In very great depths, i.e. 2000 m or 3000 m, or even more, the weight of pipes increases very quickly since the outer pipe must withstand the pressure and as a result it is very thick. Thus, laying such pipe requires very heavy equipment, since in the catenary configuration taken up by the pipe while it is being laid, not only does the length of said catenary increase with increasing depth, but also its unit weight, since the outer pipe must withstand a greater implosion pressure, thereby leading to very high levels of tension in the pipe, at the laying tower installed on the ship, which tensions can reach 500 (metric) tonnes to 700 tonnes, or even 1000 tonnes or more.

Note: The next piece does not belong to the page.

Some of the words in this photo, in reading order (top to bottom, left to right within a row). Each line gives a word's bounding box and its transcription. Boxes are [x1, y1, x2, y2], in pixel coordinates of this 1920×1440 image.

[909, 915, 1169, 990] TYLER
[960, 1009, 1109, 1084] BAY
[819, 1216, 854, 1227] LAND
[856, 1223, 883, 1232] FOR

In that type of pipe, the annular space, optionally filled with an insulating material, is generally at an absolute pressure that is lower than atmospheric pressure, or is even evacuated of all gas, and to a first approximation it can be considered that the inner pipe must withstand radially the bursting pressure due to the internal fluid, while the outer pipe withstands the implosion pressure created by the hydrostatic pressure at bottom level (ρ.g.h) which is about 1 megapascal (MPa) per 100 m of depth of water, i.e. 30 MPa at a depth of 3000 m. An effect of axial expansion or longitudinal stretching due to pressure, known as the “bottom effect” acts on the circular section of the outer and inner pipes and parallel to the axis of said pipes, and is shared, to a first approximation, by both pipes (because they are interconnected at their ends), prorata their respective sections of material, generally steel.

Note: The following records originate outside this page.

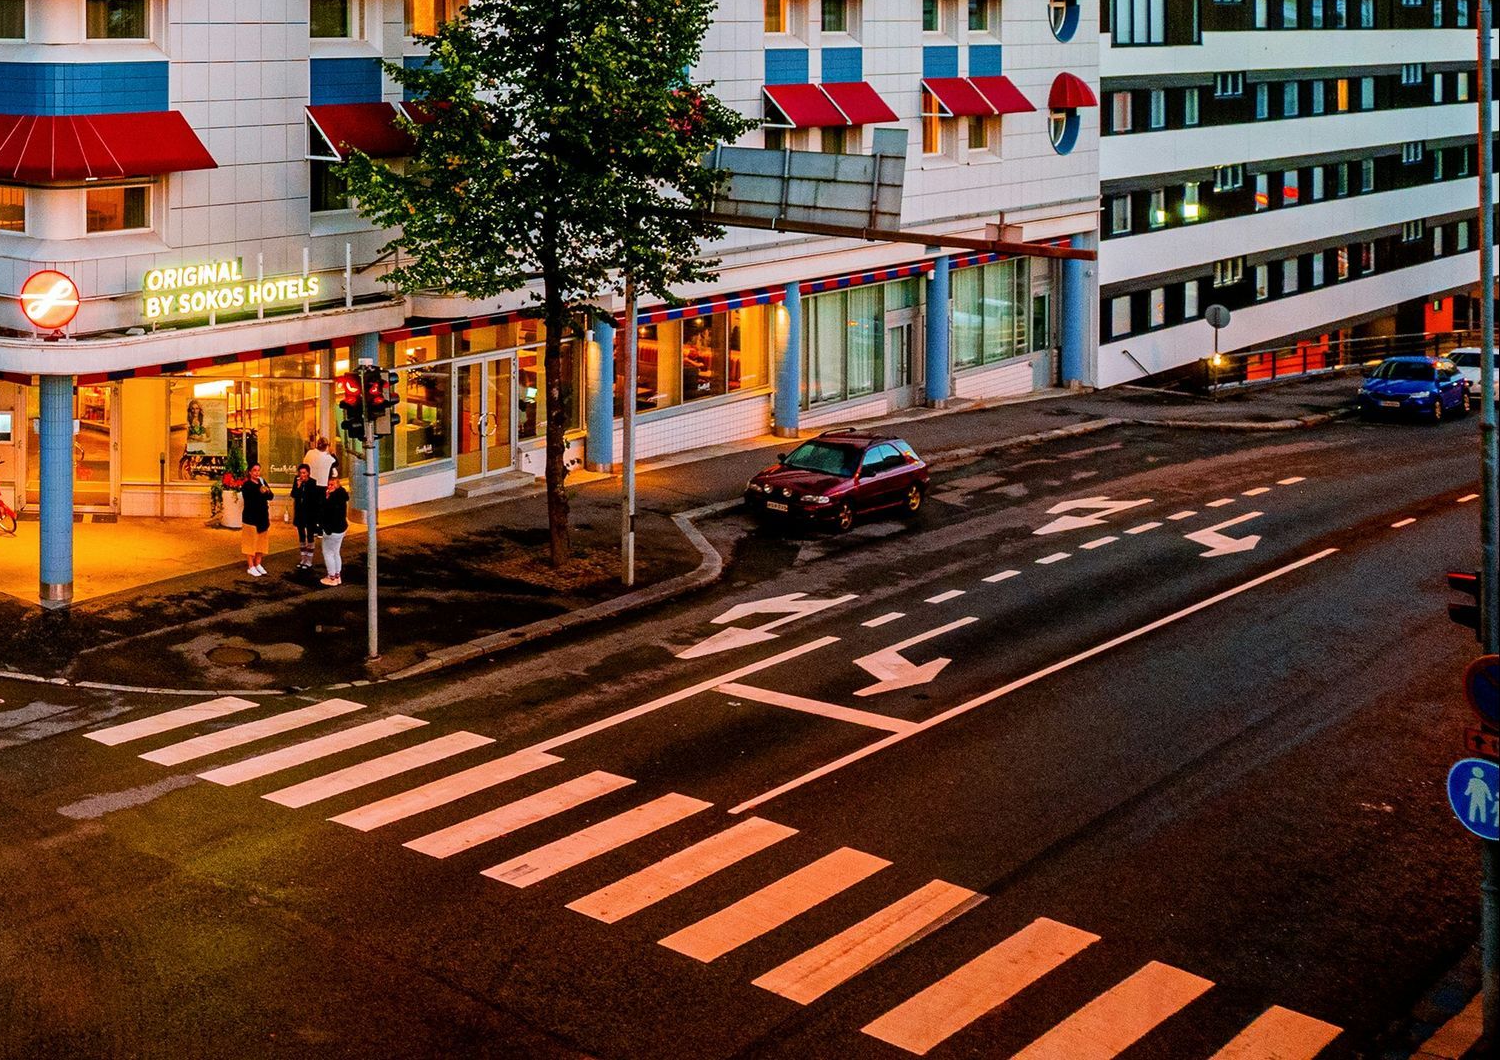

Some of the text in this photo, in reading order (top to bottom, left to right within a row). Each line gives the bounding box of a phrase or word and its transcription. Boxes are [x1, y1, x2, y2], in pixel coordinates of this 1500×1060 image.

[146, 260, 243, 291] ORIGINAL
[146, 277, 320, 318] BY SOKOS HOTELS
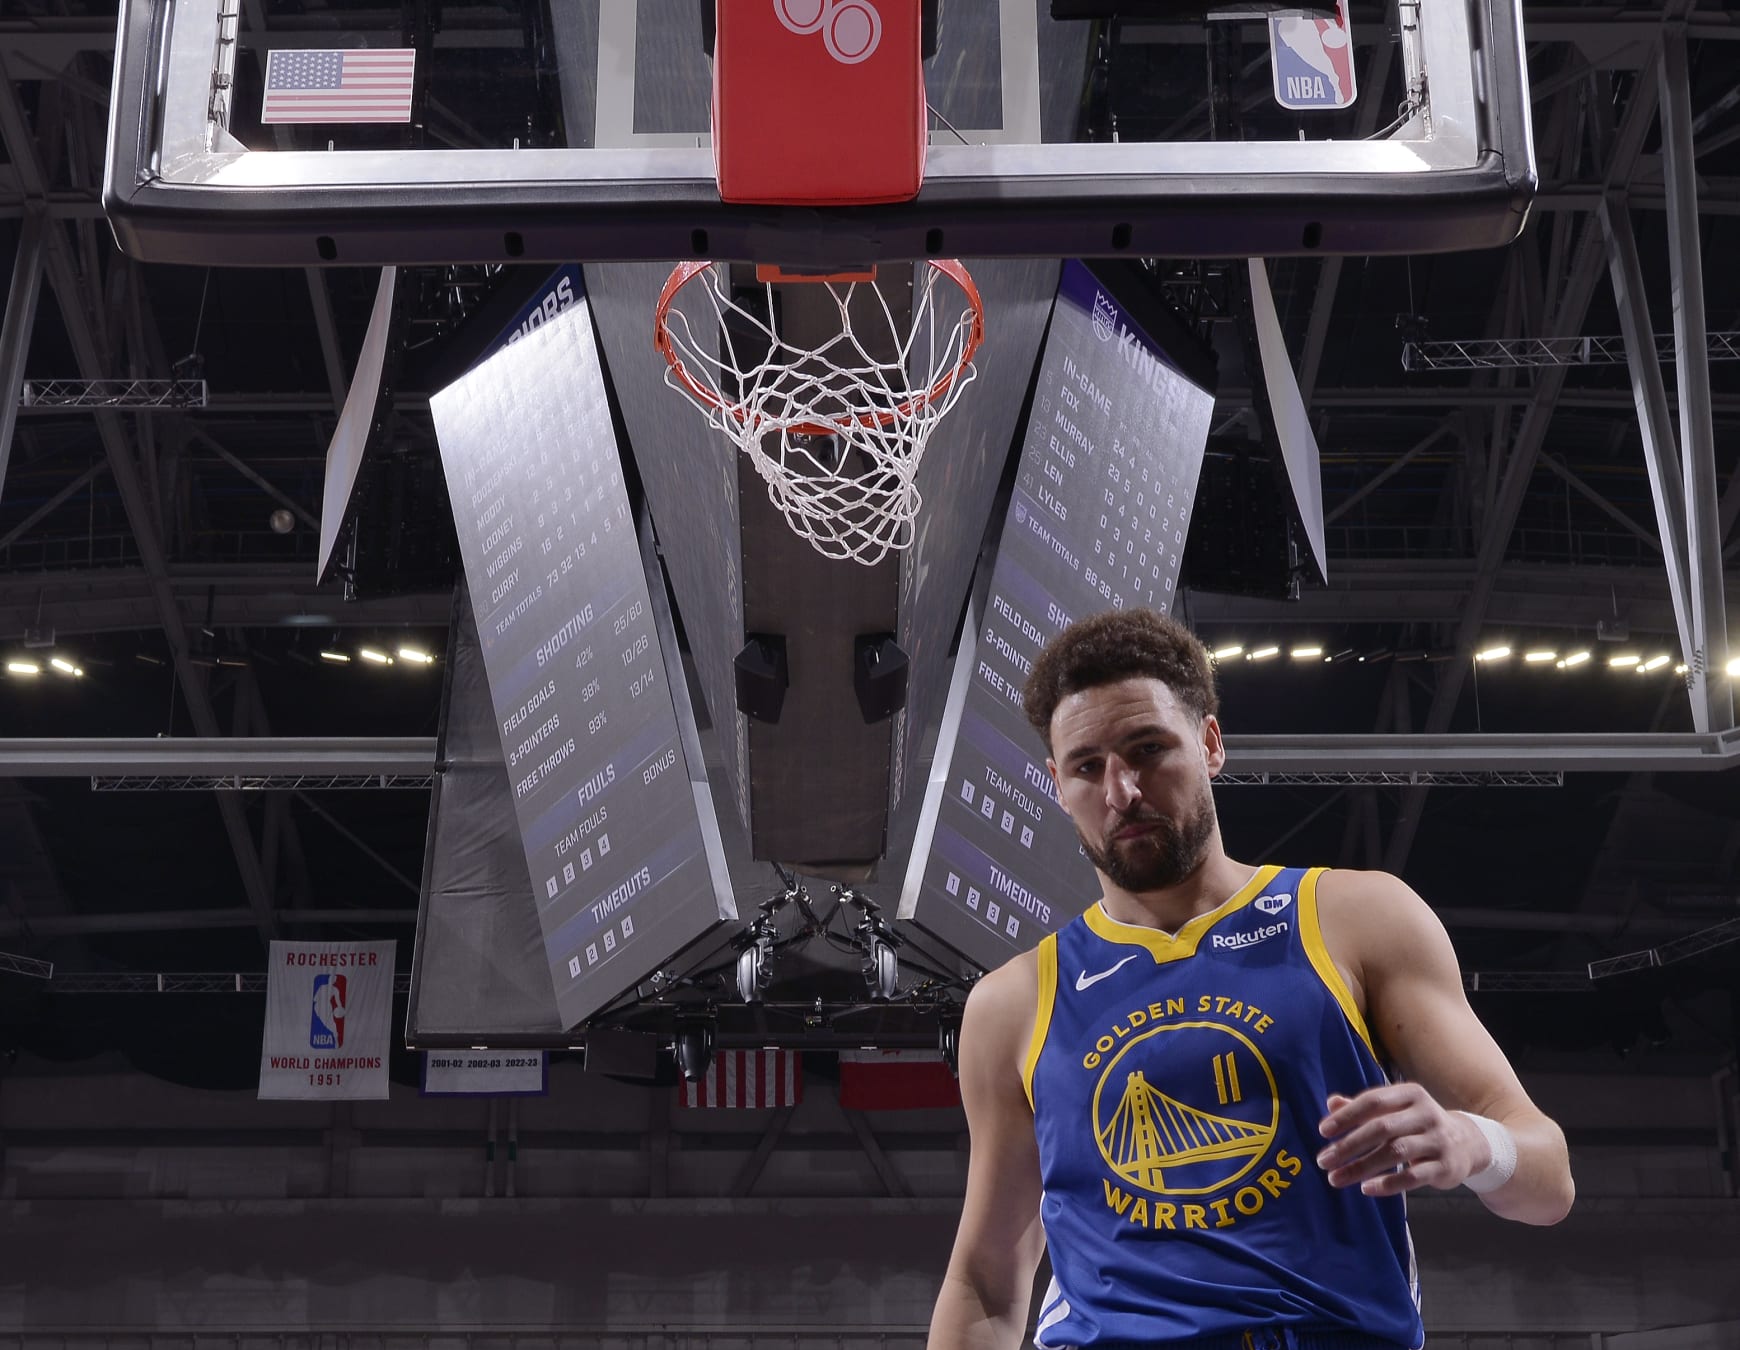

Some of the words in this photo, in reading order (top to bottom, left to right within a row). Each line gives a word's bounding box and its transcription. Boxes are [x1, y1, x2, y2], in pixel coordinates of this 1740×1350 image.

[1287, 76, 1326, 99] NBA
[1063, 356, 1112, 416] IN-GAME
[1117, 323, 1186, 406] KINGS
[1055, 410, 1094, 457] MURRAY
[1108, 463, 1120, 483] 23
[1124, 479, 1131, 493] 5
[1137, 492, 1144, 506] 0
[1149, 504, 1156, 519] 0
[1162, 517, 1169, 532] 2
[1175, 530, 1182, 544] 0
[1061, 386, 1080, 412] FOX
[1113, 439, 1125, 459] 24
[1129, 455, 1136, 469] 4
[1142, 468, 1149, 482] 5
[1154, 481, 1161, 495] 0
[1167, 494, 1174, 508] 2
[1179, 507, 1186, 521] 2
[1043, 460, 1063, 487] LEN
[1100, 514, 1108, 530] 0
[1113, 527, 1120, 542] 3
[1126, 540, 1134, 555] 0
[1139, 552, 1146, 567] 0
[1152, 565, 1159, 580] 0
[1165, 577, 1172, 592] 0
[1049, 435, 1075, 468] ELLIS
[1103, 488, 1114, 507] 13
[1118, 503, 1125, 518] 4
[1131, 516, 1138, 531] 3
[1144, 528, 1151, 543] 2
[1157, 541, 1164, 556] 3
[1170, 554, 1177, 568] 3
[481, 516, 515, 555] LOONEY
[486, 536, 523, 579] WIGGINS
[1029, 516, 1050, 544] TEAM
[1051, 538, 1079, 571] TOTALS
[1085, 567, 1098, 587] 86
[1099, 580, 1111, 599] 36
[1113, 593, 1123, 610] 21
[1038, 485, 1068, 521] LYLES
[1094, 540, 1102, 555] 5
[1108, 552, 1115, 567] 5
[1134, 577, 1141, 592] 0
[492, 567, 521, 604] CURRY
[542, 538, 552, 555] 16
[556, 526, 564, 541] 2
[495, 613, 516, 635] TEAM
[516, 586, 543, 619] TOTALS
[547, 569, 559, 588] 73
[561, 558, 573, 575] 32
[575, 543, 586, 560] 13
[591, 532, 597, 545] 4
[604, 518, 611, 532] 5
[536, 603, 594, 667] SHOOTING
[993, 595, 1021, 628] FIELD
[503, 705, 527, 736] FIELD
[527, 680, 556, 715] GOALS
[575, 646, 593, 669] 42%
[614, 601, 643, 635] 25/60
[979, 661, 1004, 692] FREE
[986, 628, 1032, 676] 3-POINTE
[510, 714, 560, 766] 3-POINTERS
[581, 678, 600, 702] 38%
[622, 635, 649, 667] 10/26
[517, 773, 539, 798] FREE
[538, 739, 576, 779] THROWS
[588, 711, 607, 734] 93%
[629, 670, 655, 699] 13/14
[578, 764, 616, 807] FOULS
[643, 750, 676, 785] BONUS
[985, 766, 1012, 797] TEAM
[1012, 791, 1043, 822] FOULS
[554, 830, 579, 857] TEAM
[579, 806, 608, 840] FOULS
[591, 866, 651, 924] TIMEOUTS
[990, 865, 1051, 924] TIMEOUTS
[1263, 899, 1284, 910] DM
[286, 952, 378, 967] ROCHESTER
[1212, 922, 1288, 949] Rakuten
[313, 1034, 333, 1046] NBA
[1083, 997, 1185, 1071] GOLDEN
[1197, 995, 1275, 1034] STATE
[270, 1057, 310, 1069] WORLD
[314, 1056, 381, 1069] CHAMPIONS
[309, 1074, 341, 1086] 1951
[431, 1058, 463, 1068] 2001-02
[467, 1059, 501, 1069] 2002-03
[505, 1057, 538, 1068] 2022-23
[1212, 1051, 1242, 1105] 11
[1102, 1150, 1302, 1230] WARRIORS

The internal pressure P within a pipe leads firstly to a “bottom effect” or “piston effect” that is characterized by an axial longitudinal force tending to stretch or longitudinally expand said pipe, and it has the value Fi=P×s, where s is the section of the pipe. Secondly, the internal pressure generates a “radial effect” tending to cause the pipe to burst, with the force acting on a unit length of the wall having the value Fe=π×R×P, where R represents the inside radius of the pipe.
The inner pipe must therefore also be strong and thus present increased thickness when laying at great depths in order to be able to withstand the bottom effect and the bursting radial effect.

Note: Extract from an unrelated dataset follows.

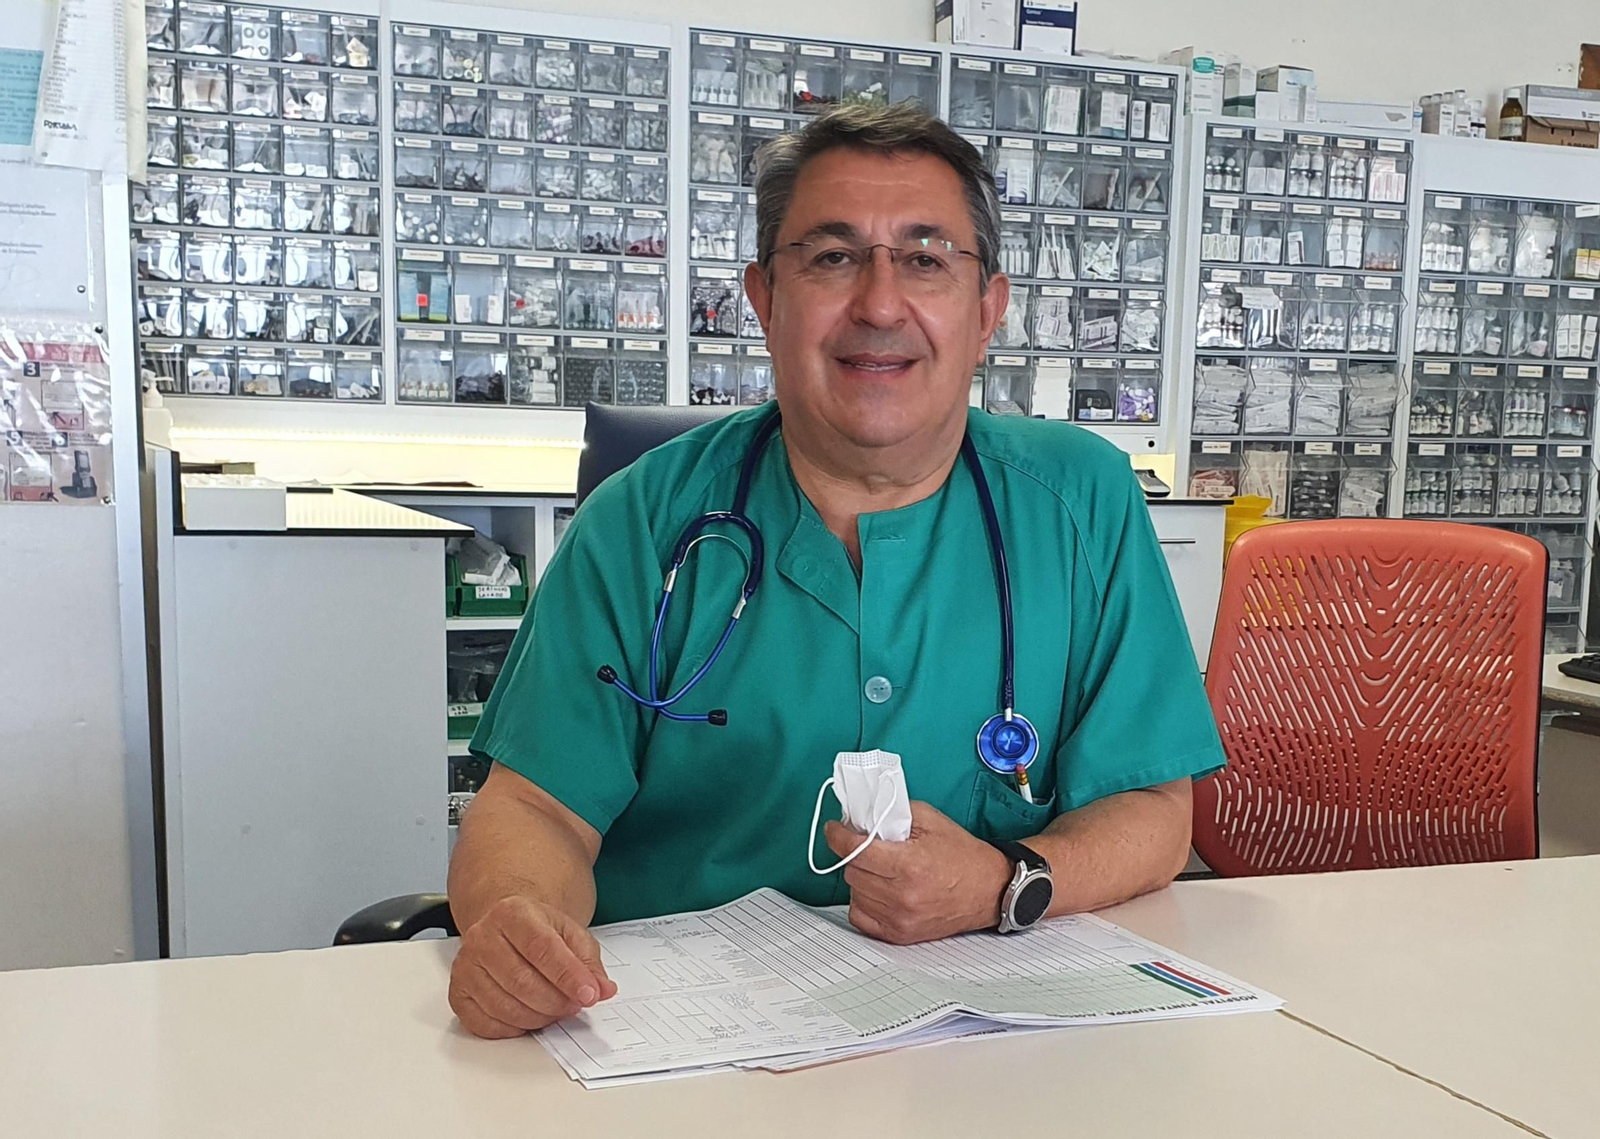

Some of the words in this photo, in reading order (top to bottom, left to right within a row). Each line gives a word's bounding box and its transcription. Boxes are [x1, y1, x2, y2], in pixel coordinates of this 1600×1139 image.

[1198, 994, 1259, 1006] HOSPITAL
[1107, 1006, 1156, 1017] EUROPA
[1155, 1001, 1199, 1011] PUNTA
[857, 1018, 913, 1038] INTENSIVA

Thus, the first problem posed by the present invention is to provide a PiP type insulated pipe of lighter weight so as to present weight per unit length that is considerably reduced, while continuing to present mechanical reinforcement characteristics that ensure that its fatigue behavior is capable of withstanding the stresses generated during laying at great depth.
In installations at great depth, undersea pipes and undersea coaxial pipe assemblies are assembled on land to constitute elements of unit length, of the order of 20 m to 100 m depending on the holding capacity of the laying system. They are then transported in that form out to sea on a laying ship. During laying, the unit lengths of the various coaxial pipe assembly elements are connected to one another on board the ship while they are being laid at sea. It is thus important for the connection operation to be capable of being integrated in the method of assembling and laying the pipe on the sea bottom while slowing the method down as little as possible, in other words the operation must be capable of being performed quickly and easily.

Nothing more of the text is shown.